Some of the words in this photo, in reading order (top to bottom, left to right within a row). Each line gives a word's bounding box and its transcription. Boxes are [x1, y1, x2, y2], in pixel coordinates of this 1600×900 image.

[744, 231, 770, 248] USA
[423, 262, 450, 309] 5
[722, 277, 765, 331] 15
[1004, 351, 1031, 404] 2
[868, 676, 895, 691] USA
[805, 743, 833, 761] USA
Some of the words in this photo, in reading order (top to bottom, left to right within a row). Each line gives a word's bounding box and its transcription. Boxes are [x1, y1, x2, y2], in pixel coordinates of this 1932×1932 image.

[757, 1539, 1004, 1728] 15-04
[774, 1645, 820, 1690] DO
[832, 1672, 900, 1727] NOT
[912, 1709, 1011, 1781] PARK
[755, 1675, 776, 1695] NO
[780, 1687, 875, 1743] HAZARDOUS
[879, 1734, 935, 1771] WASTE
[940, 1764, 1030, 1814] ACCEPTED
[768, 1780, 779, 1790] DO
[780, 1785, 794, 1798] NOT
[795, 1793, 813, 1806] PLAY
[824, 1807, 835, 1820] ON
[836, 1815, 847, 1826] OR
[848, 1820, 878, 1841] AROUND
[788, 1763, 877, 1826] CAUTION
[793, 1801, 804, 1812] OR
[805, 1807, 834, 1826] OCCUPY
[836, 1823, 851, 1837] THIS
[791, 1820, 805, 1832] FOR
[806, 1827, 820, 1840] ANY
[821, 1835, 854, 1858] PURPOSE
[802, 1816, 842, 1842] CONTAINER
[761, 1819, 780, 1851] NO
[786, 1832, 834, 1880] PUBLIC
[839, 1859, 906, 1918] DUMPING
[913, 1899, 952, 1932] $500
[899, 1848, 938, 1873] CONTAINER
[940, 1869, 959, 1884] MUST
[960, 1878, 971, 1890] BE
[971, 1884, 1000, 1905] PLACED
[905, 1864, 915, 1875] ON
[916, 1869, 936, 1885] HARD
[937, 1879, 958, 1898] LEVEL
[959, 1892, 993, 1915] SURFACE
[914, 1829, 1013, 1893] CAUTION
━━━
* Directions: The entries are to be transcribed exactly, each line in full.

* Written solution:
Some of the words in this photo, in reading order (top to bottom, left to right within a row). Each line gives a word's bounding box and its transcription. Boxes are [x1, y1, x2, y2], in pixel coordinates of this 1600×900 image.

[744, 231, 770, 248] USA
[423, 262, 450, 309] 5
[722, 277, 765, 331] 15
[1004, 351, 1031, 404] 2
[868, 676, 895, 691] USA
[805, 743, 833, 761] USA
Some of the words in this photo, in reading order (top to bottom, left to right within a row). Each line gives a word's bounding box and its transcription. Boxes are [x1, y1, x2, y2], in pixel coordinates of this 1932×1932 image.

[757, 1539, 1004, 1728] 15-04
[774, 1645, 820, 1690] DO
[832, 1672, 900, 1727] NOT
[912, 1709, 1011, 1781] PARK
[755, 1675, 776, 1695] NO
[780, 1687, 875, 1743] HAZARDOUS
[879, 1734, 935, 1771] WASTE
[940, 1764, 1030, 1814] ACCEPTED
[768, 1780, 779, 1790] DO
[780, 1785, 794, 1798] NOT
[795, 1793, 813, 1806] PLAY
[824, 1807, 835, 1820] ON
[836, 1815, 847, 1826] OR
[848, 1820, 878, 1841] AROUND
[788, 1763, 877, 1826] CAUTION
[793, 1801, 804, 1812] OR
[805, 1807, 834, 1826] OCCUPY
[836, 1823, 851, 1837] THIS
[791, 1820, 805, 1832] FOR
[806, 1827, 820, 1840] ANY
[821, 1835, 854, 1858] PURPOSE
[802, 1816, 842, 1842] CONTAINER
[761, 1819, 780, 1851] NO
[786, 1832, 834, 1880] PUBLIC
[839, 1859, 906, 1918] DUMPING
[913, 1899, 952, 1932] $500
[899, 1848, 938, 1873] CONTAINER
[940, 1869, 959, 1884] MUST
[960, 1878, 971, 1890] BE
[971, 1884, 1000, 1905] PLACED
[905, 1864, 915, 1875] ON
[916, 1869, 936, 1885] HARD
[937, 1879, 958, 1898] LEVEL
[959, 1892, 993, 1915] SURFACE
[914, 1829, 1013, 1893] CAUTION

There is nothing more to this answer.